The runners who ran past the place of explosion may have turned around and gone back later, after they had reached their goal, their time had been taken, and they had caught their breath. Maybe some also tried to help the wounded. But on this very short video, you can only see how they continue to run. It is not bad. It is interesting. Not because it is extraordinary. It is interesting because it is the most ordinary thing in the world that we simply continue on. We, people who have been spared catastrophes, think that an explosion, an explosion would throw us off course! Apparently not, if it is as weak as the first one in Boston.

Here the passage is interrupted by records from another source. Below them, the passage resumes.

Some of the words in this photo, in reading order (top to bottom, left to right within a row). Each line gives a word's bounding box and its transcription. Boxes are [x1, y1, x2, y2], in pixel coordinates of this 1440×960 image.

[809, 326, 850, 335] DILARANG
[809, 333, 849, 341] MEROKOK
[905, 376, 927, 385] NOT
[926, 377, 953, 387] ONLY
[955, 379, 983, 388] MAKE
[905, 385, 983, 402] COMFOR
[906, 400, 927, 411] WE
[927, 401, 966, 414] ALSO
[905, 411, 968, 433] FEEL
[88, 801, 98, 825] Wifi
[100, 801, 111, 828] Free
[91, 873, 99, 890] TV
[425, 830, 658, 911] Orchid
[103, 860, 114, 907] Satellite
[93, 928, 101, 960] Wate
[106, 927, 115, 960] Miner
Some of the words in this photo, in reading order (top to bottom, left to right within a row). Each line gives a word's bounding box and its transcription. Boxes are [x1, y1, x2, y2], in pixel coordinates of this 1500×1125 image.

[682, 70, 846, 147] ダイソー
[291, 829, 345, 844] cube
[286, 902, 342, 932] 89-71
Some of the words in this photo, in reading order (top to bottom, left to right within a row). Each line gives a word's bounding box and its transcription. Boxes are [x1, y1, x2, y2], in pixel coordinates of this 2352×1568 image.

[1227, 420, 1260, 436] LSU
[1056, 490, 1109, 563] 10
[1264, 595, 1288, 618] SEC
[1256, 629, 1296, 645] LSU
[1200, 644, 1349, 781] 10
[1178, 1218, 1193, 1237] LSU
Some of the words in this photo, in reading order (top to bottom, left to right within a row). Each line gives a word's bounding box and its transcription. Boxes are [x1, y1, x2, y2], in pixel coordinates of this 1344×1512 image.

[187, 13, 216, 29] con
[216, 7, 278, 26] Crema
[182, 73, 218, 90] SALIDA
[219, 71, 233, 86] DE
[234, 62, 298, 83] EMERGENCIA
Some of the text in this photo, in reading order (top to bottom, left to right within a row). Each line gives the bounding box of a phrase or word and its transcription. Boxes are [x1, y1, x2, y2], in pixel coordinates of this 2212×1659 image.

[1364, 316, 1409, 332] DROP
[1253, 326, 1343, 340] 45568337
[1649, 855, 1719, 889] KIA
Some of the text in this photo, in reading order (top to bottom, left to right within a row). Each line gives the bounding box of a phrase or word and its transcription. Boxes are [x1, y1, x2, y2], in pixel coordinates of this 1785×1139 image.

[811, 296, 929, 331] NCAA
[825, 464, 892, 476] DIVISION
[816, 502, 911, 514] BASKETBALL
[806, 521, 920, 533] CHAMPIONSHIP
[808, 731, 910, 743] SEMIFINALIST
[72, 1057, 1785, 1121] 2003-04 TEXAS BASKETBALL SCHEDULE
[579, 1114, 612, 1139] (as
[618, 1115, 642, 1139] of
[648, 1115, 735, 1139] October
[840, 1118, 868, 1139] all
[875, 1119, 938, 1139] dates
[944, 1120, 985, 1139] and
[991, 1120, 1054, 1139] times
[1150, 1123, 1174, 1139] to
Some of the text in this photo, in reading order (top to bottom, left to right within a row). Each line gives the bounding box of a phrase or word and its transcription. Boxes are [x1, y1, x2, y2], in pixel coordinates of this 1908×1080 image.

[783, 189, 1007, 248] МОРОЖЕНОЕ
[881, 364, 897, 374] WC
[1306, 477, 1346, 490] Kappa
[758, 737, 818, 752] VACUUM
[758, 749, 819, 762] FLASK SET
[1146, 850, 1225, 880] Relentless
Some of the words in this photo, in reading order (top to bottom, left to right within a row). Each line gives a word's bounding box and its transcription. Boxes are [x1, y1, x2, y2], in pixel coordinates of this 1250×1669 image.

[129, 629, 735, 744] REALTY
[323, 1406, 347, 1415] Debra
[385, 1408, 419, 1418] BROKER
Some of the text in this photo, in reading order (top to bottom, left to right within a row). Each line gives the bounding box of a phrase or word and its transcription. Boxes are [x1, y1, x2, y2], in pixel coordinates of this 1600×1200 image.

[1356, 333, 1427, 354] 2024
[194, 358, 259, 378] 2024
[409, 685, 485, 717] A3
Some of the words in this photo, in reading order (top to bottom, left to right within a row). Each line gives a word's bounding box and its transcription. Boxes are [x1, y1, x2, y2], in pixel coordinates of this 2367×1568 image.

All in all, there are three dead and 140 injured in Boston now. The inner city is blocked off like a crime scene. Media commentators are wondering why police do not have a suspect yet. Everything should go very fast. Superhumanly fast. Everything should be as if nothing had happened again. The blockades of the crime scene should disappear. The culprits should be arrested and put behind bars. I am very much in favor of that. But I also know that this helps one overcome the shock.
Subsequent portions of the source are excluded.